Income from certain contracts payable to petitioner was payable to him because he owned substantially all the stock of a corporation which was one of the parties to one of the contracts and a party in interest to the other contract. Held, payments made under such contracts to petitioner and by him paid over to his wife under prior assignments to her of "all of the income and profits accruing and to accrue to him" under such contracts, are taxable to petitioner, notwithstanding such assignments. Petitioner remained the owner of substantially all the stock of the corporation, and the payments which were made to him and which he turned over to his wife were in effect corporate distributions and petitioner is taxable thereon, except as to the small part of such distributions attributable to the three shares of stock owned by the wife.
*586 The Commissioner has determined deficiencies in petitioner's income tax for the fiscal years ending June 30, 1938, 1939, *84 and 1940, in the amounts of $ 108.84, $ 230.13, and $ 208.13, respectively, only part of which in each year is in dispute. In his determination of the deficiencies the Commissioner made several adjustments to the net income as reported by petitioner on the returns which he filed for the respective taxable years. None of these adjustments are contested except that which relates to the addition to petitioner's net income of certain income paid to his wife, Louise Mattox, under certain written assignments which he had made to her prior to such payments. For the fiscal year ending June 30, 1938, respondent added $ 792.15 in this manner; for the fiscal year ending June 30, 1939, he added $ 918.12; and for the fiscal year ending June 30, 1940, he added $ 958.26.
*587 In his deficiency notice the respondent explained the foregoing adjustments in the following manner:
(a) It has been determined that income and profits received during the years ended June 30, 1938, June 30, 1939 and June 30, 1940 from contracts with Alvin H. Huth, Inc. and Richard V. Reineking, dated August 1, 1936 and April 22, 1938, respectively, represent taxable income to you under Sections 22 (a) and 182 of*85 the Revenue Acts of 1936 and 1938 and the Internal Revenue Code.
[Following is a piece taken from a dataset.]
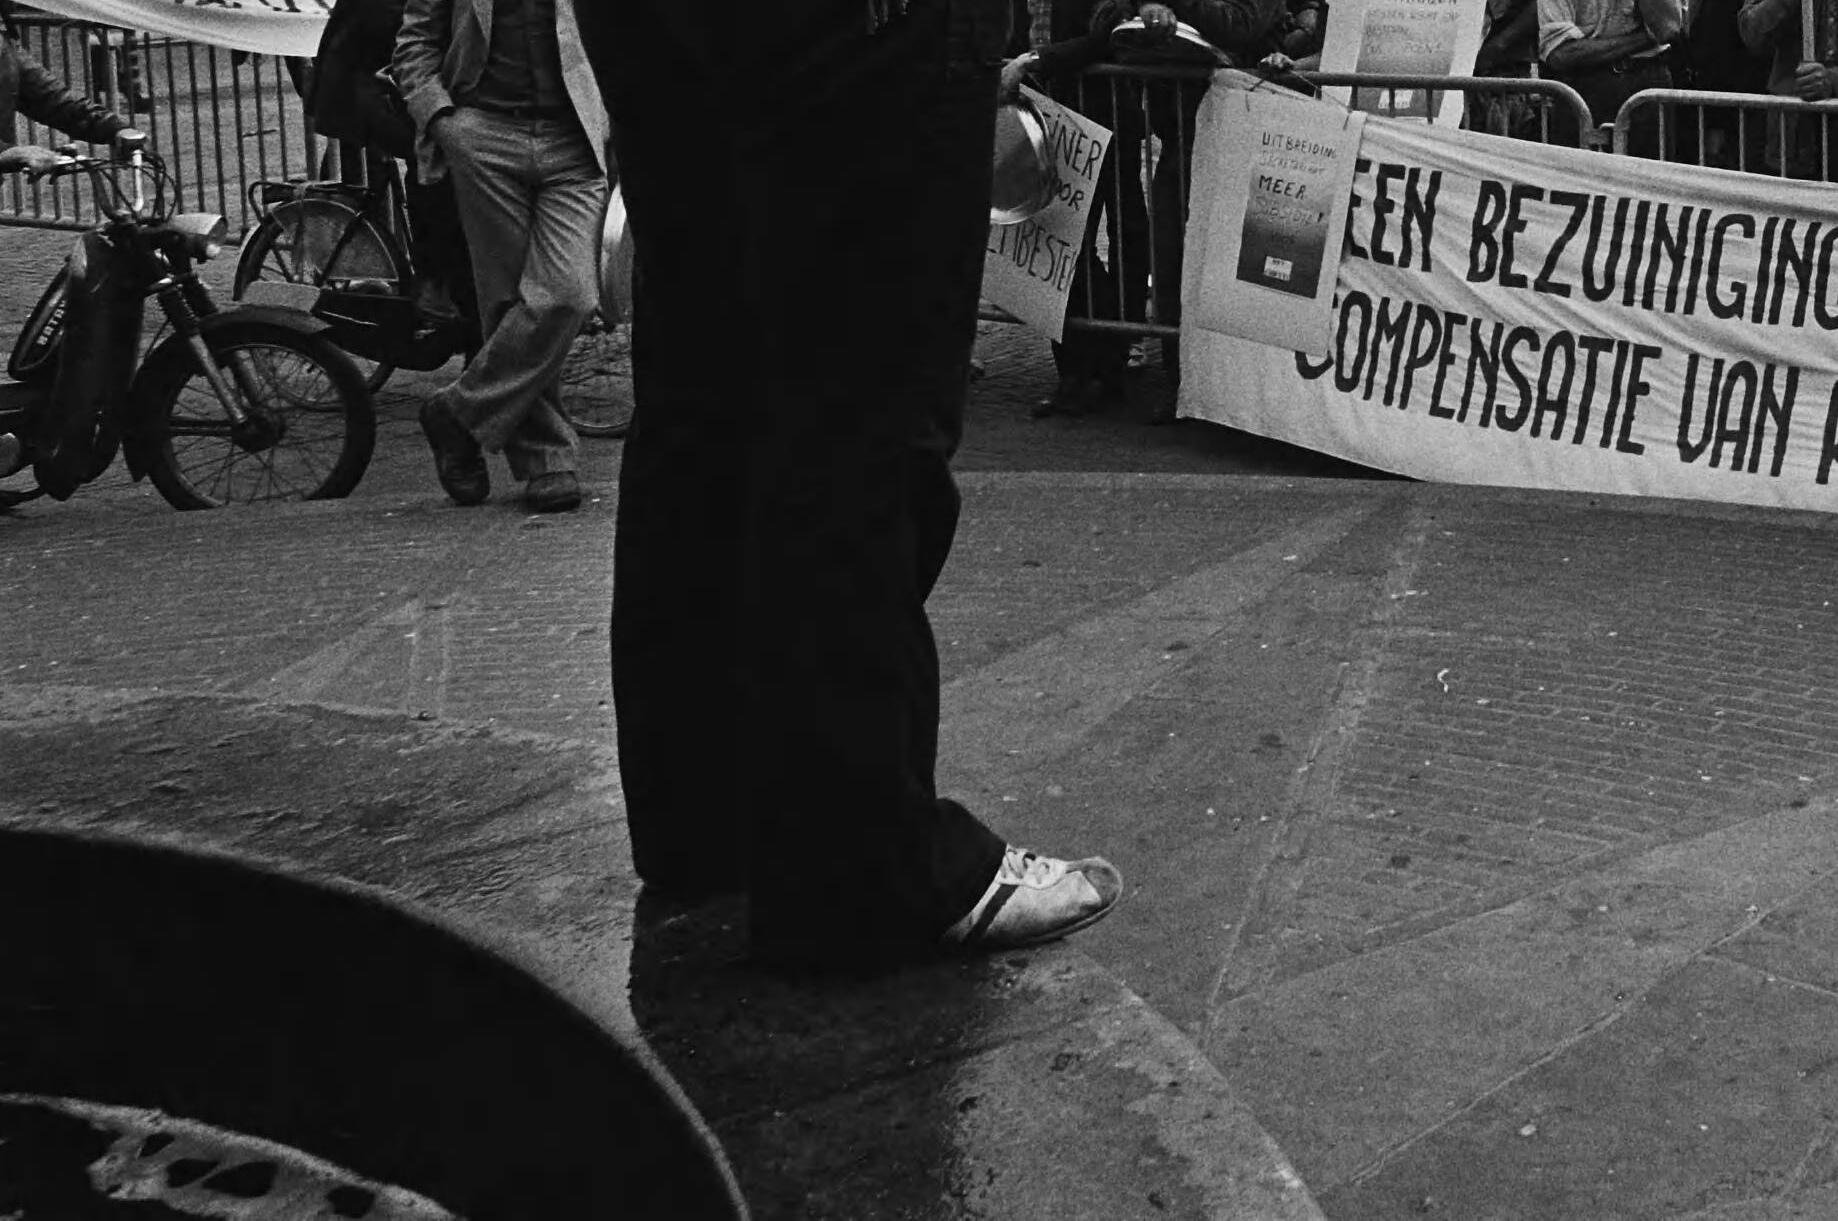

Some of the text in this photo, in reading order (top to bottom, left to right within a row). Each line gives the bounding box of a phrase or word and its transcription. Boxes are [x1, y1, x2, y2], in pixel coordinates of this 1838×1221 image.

[1258, 175, 1306, 200] MEER
[1345, 159, 1442, 273] EEN
[1677, 353, 1800, 476] VAN
Petitioner by appropriate assignments of error contests the foregoing action of the Commissioner.
FINDINGS OF FACT.
The petitioner is a certified public accountant who has practiced his profession for more than twenty years and he resides in Madison, Wisconsin.
In 1927 the petitioner organized under the laws of Indiana "The Ronald Mattox Company," a corporation, to engage in the fraternity and sorority accounting business. It is a type of managerial accounting where the books of the fraternity or sorority are kept in the central office, and contracts were entered into with the fraternities or sororities.
Petitioner has at all times since the organization of the company owned from 93 to 95 shares out of a total of 100 shares of the capital stock of such company; in addition he has been the beneficial owner at times of an additional share issued to another person to qualify him as a director of the company. Three shares of capital stock of the company during the taxable years in question were owned by petitioner's wife, Louise B. Mattox, and one share by petitioner's sister.
From the time the corporation was organized*86 the petitioner has been its president. The petitioner's wife was elected vice president in 1938. The corporation maintained offices in both Bloomington and Lafayette, Indiana.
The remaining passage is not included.